Le directeur des poursuites criminelles et pénales ne retirera pas les accusations criminelles contre les trois employés de la société ferroviaire MMA, malgré les doléances de la Clinique juridique Juripop, du Syndicat des métallos et de Me Thomas Walsh, l'avocat du mécanicien de locomotive Tom Harding.

Mis à jour le 29 août 2014
Isabelle Dubé LA PRESSE

En conférence de presse hier, les avocats et le syndicat ont uni leurs voix pour demander à la Couronne d'abandonner les accusations criminelles qui pèsent contre le mécanicien Tom Harding, le contrôleur ferroviaire Richard Labrie et le directeur des opérations Jean Demaître. Ils affirment que le rapport du Bureau de la sécurité des transports, rendu public la semaine dernière, apporte des faits nouveaux au dossier qu'il faut prendre en considération.

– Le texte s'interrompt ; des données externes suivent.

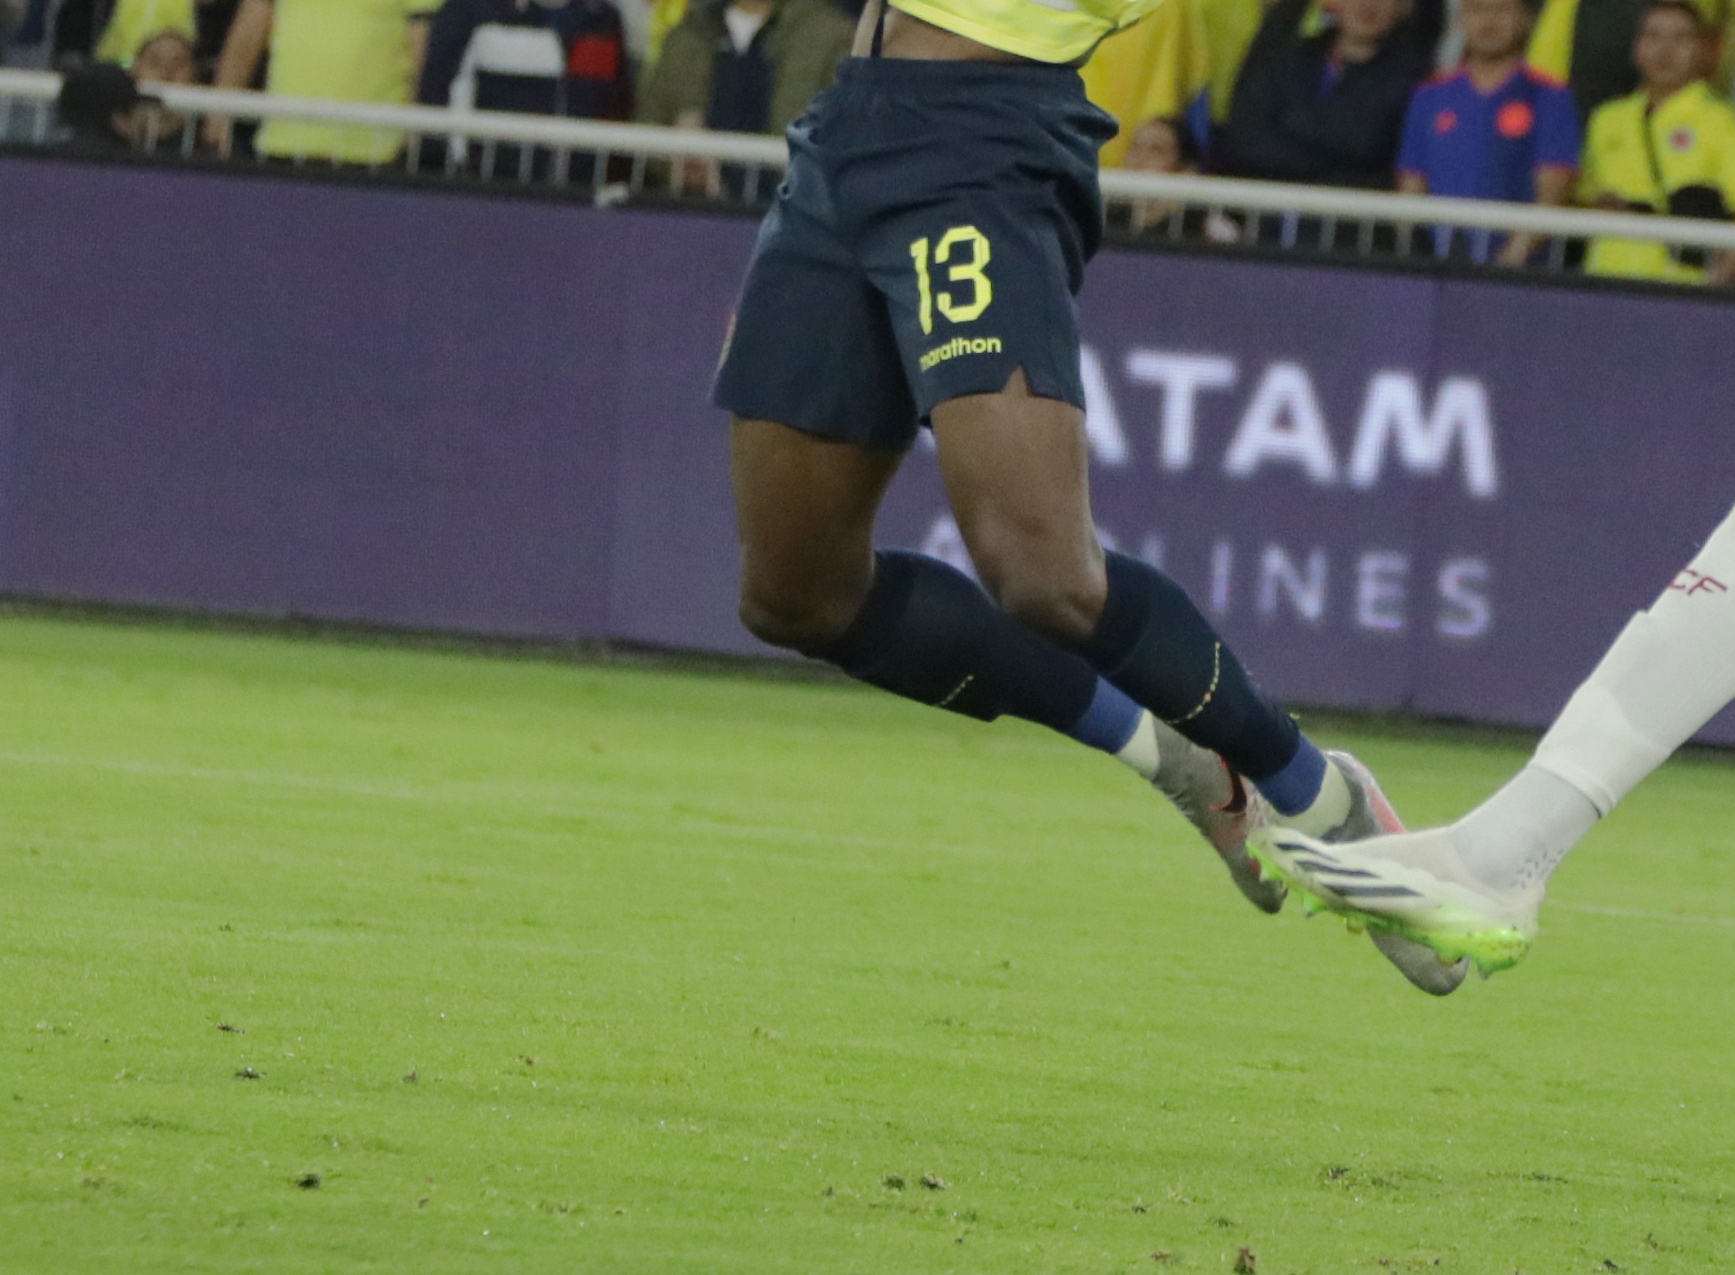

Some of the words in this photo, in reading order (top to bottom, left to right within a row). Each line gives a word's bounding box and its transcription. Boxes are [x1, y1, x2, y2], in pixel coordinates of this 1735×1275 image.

[910, 225, 993, 335] 13
[918, 337, 1002, 372] marathon
[1669, 569, 1728, 596] CF

«Ça fait des années que tout le monde sait que Transports Canada et MMA, ça n'a pas d'allure, ce qui se passe là-bas! s'est exclamé le directeur de Juripop, Marc-Antoine Cloutier. Et les travailleurs ont fait ce qu'ils font d'habitude. Ça nous confirme que ce sont des boucs émissaires.»

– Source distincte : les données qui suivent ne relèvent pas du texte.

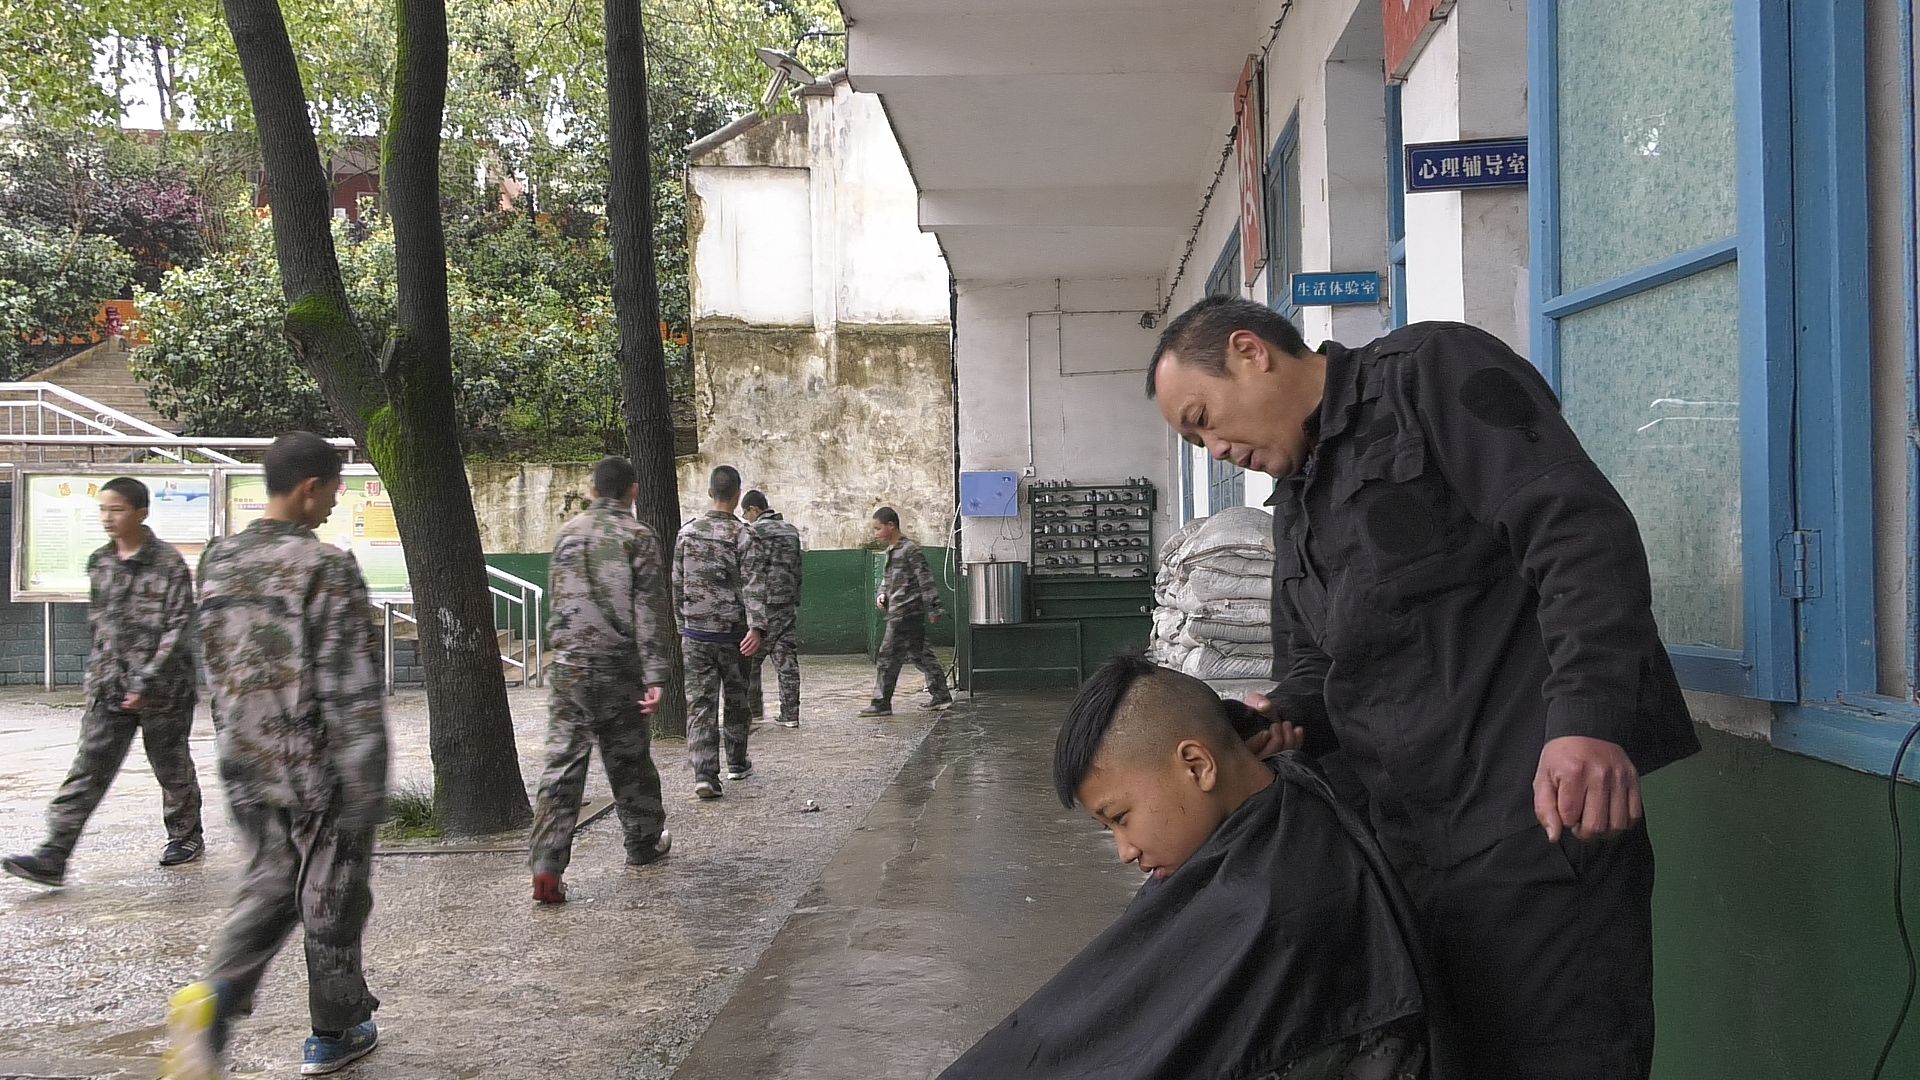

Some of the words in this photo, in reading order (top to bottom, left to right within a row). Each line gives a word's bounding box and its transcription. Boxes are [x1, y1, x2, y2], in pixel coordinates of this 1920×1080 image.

[1418, 152, 1526, 180] 心理辅导室
[1297, 280, 1376, 297] 生活体验室

«C'est beaucoup plus réconfortant pour un gouvernement d'avoir des travailleurs comme boucs émissaires à la veille d'élections», a renchéri le directeur québécois des Métallos, Daniel Roy.

Des explications réclamées

Le rapport du BST a noté 18 facteurs qui ont mené à la tragédie de Lac-Mégantic, dont le laxisme de Transports Canada et la faible culture de sécurité de MMA. Selon le directeur de Juripop, n'importe quel employé travaillant dans ces conditions aurait posé les mêmes gestes.

Me Thomas Walsh va plus loin. Il veut que la Couronne explique à la population quels sont les gestes précis des employés qui ont mené à des accusations de négligence criminelle causant la mort. «C'est la moindre des choses qu'ils nous expliquent. Est-ce que c'est parce que Tom Harding ne s'est pas levé en pleine nuit? Est-ce que c'est parce qu'il n'a pas mis 9 freins à main? Ou 15?»

Mais le directeur des poursuites criminelles et pénales ne bouge pas. «Les accusations demeurent et la suite du dossier aura lieu en cour le 11 septembre, a répliqué le porte-parole, Me Jean-Pascal Boucher [...] Le rapport du BST ne change pas l'évaluation de la preuve qui a été faite et qui a mené à des accusations contre les 3 employés et la compagnie.»